Monday, June 22, 2009

What is happening in Iran

This is a very brief return to writing and should not be expected to herald a restarting of this blog. I am still in the midst of summer camp duties, and we are having some extra-special difficulties this summer, about which you may have read. (Incidentally, everyone is recovering just fine, including me.) That aside, keeping up with the news from Iran as I am able has been especially fascinating in this setting. Ramah Darom is a Jewish and (perish the thought) Zionist camp in northern Georgia, and I work side by side with thirty to forty Israelis, all of whom have a personal investment in the Iranian political climate, whether they like it or not.

My interest was further piqued by a book which I happened to have been reading when the revolt broke out: Eichmann in Jerusalem by Hannah Arendt (more popularly referred to as The Banality of Evil). I was reminded of the book this morning, when I read this analysis from Jeffrey Goldberg:
The Iranian regime has exposed itself as interested mainly in self-preservation. Netanyahu told me earlier this spring that Iran is run by a "messianic, apocalyptic cult." But I think there's an argument to be made that Khamenei and Ahmadinejad are grubby men mainly interested in perpetuating their power. In other words, they seem to behave like rather quotidian dictators, not religious fanatics. A confrontation with Israel would certainly threaten the stability of their regime, and the stability of their regime is something they quite obviously cherish.

I think Arendt would find much to unpack here, from the casual assumption that a regime can have a singular purpose (and that it can be exposed!) to our ease in assigning the status of "cult" to anything Islamic.

In Arendt's account of the final months of World War Two, she takes pains to emphasize just how preposterously self-destructive the Nazis' "Jewish policy" really was. Critical army transports of personnel and supplies were interrupted in order to move more Jews, more quickly, to death camps. Huge amounts of military manpower were expended pulling surviving Jews deeper and deeper into the Reich, in an effort to murder them before the coming surrender. And weeks were spent dismantling camps and burning documents in an effort to conceal the activity, all of it time that might have been spent on the war effort.

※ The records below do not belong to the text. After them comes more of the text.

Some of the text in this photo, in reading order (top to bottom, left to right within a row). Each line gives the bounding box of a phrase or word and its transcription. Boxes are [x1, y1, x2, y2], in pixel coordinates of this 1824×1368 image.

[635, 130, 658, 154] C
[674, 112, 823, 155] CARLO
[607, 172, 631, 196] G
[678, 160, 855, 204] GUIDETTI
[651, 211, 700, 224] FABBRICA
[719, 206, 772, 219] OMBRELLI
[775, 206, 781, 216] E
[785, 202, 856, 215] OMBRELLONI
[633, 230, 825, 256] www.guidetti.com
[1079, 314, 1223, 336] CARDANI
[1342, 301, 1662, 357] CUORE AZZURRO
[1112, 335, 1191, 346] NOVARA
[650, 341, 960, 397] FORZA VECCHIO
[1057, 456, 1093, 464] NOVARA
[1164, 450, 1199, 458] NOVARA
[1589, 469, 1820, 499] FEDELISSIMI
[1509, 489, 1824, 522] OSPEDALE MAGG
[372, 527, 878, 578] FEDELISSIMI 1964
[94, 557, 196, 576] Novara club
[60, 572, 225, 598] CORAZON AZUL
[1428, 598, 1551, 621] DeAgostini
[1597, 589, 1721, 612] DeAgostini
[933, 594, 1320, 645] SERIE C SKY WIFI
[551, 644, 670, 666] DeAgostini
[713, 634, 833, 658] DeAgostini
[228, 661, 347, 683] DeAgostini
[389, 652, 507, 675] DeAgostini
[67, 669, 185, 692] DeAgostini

We are habituated to thinking of the Nazis as terrifyingly rational and efficient, though they were nothing of the sort. Why is this? Because of their early successes? Their totalitarian aesthetic? Their propaganda? That they were, in fact, an apocalyptic cult was so easily concealed by the regime that even today, with all of the facts available, few people understand the extent to which Nazism was sacrificed for the sake of killing Jews.

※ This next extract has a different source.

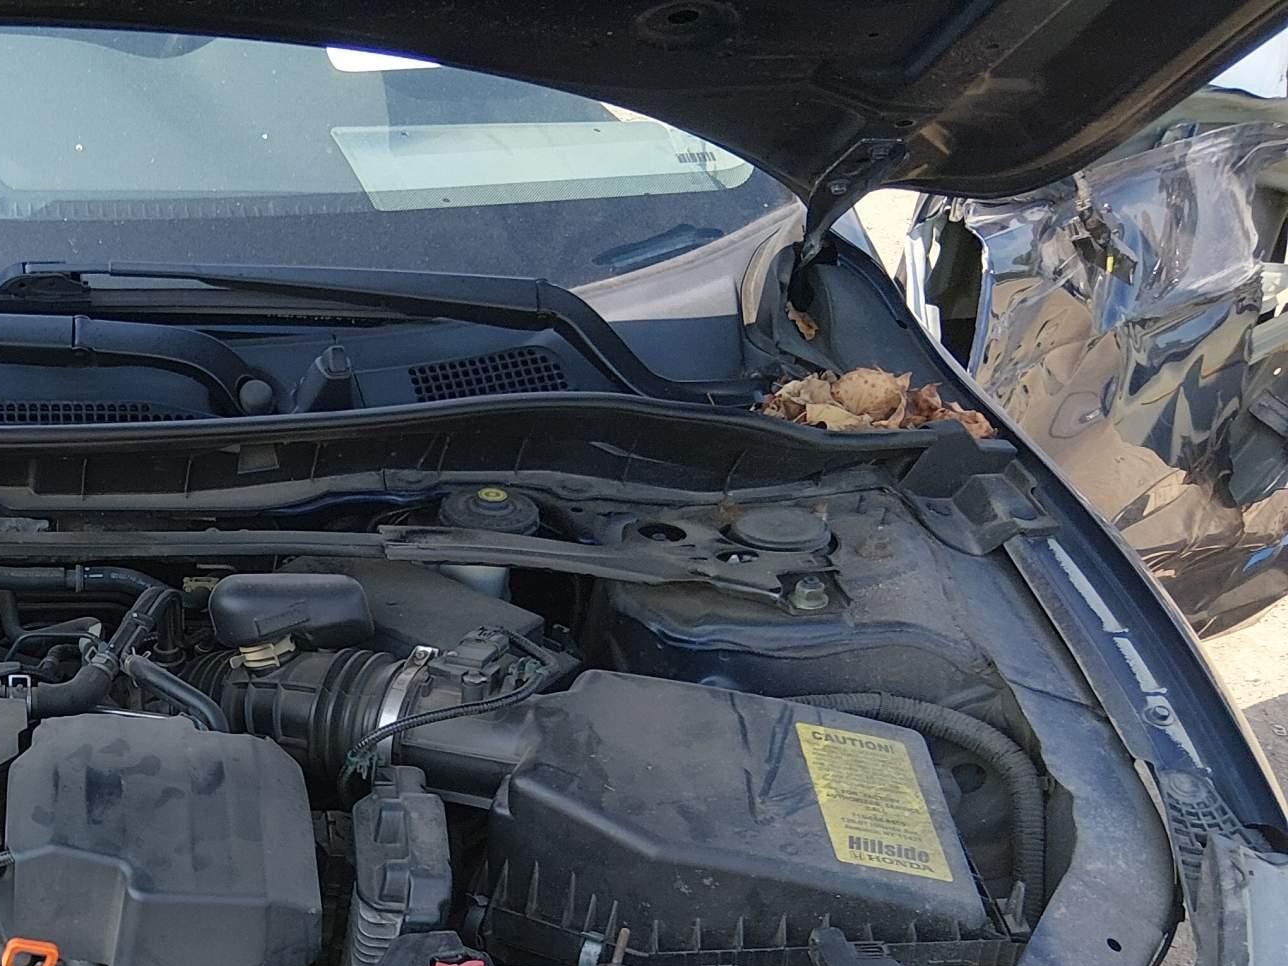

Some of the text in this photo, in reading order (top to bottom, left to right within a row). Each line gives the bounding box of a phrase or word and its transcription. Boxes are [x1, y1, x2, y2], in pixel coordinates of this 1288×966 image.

[811, 731, 896, 755] CAUTION!
[848, 835, 930, 864] Hillside
[868, 855, 936, 873] HONDA

That Iran has come to surprise anyone, including Goldberg, with an instinct for self-preservation probably says much more about our perceptions of Islamic theocracies than about Iran itself. Indeed there may be something racial at the basis of this commentary (in general, not singularly from Goldberg) that allows us to more easily find hints of messianic extremism in Middle Easterners than in Europeans. That's not to suggest that such things don't exist in Iran, since they certainly do. I mean only that these strains of political thought should have been expected to exist in tension with an instinct for self-preservation, and thus they should have surprised no one. It will perhaps be a lesson to all concerned that there is yet a small bit of value to the "one-worldism" that teaches us to expect some similarities in the outlook of foreign peoples, rather than endless differences.

The other point of interest in Goldberg's post was his impulse to do away with the distinction between Iran's treatment of its internal political situation and its treatment of Israel. And this, more than anything else he has said, can probably be used as proof of his lack of sympathy for Netanyahu's worldview. For what self-respecting Israeli hawk would for a moment imagine that the Ayatollah's comparitive rationality in dealing with a political uprising within his country would have any bearing on his approach to Israel? We are, after all, talking about an Islamist death cult, yes? And while insane martyrdom may not be prescribed for quelling "reformist" uprisings within the country, they are most certainly the order of the day when it comes to an attack on Israel.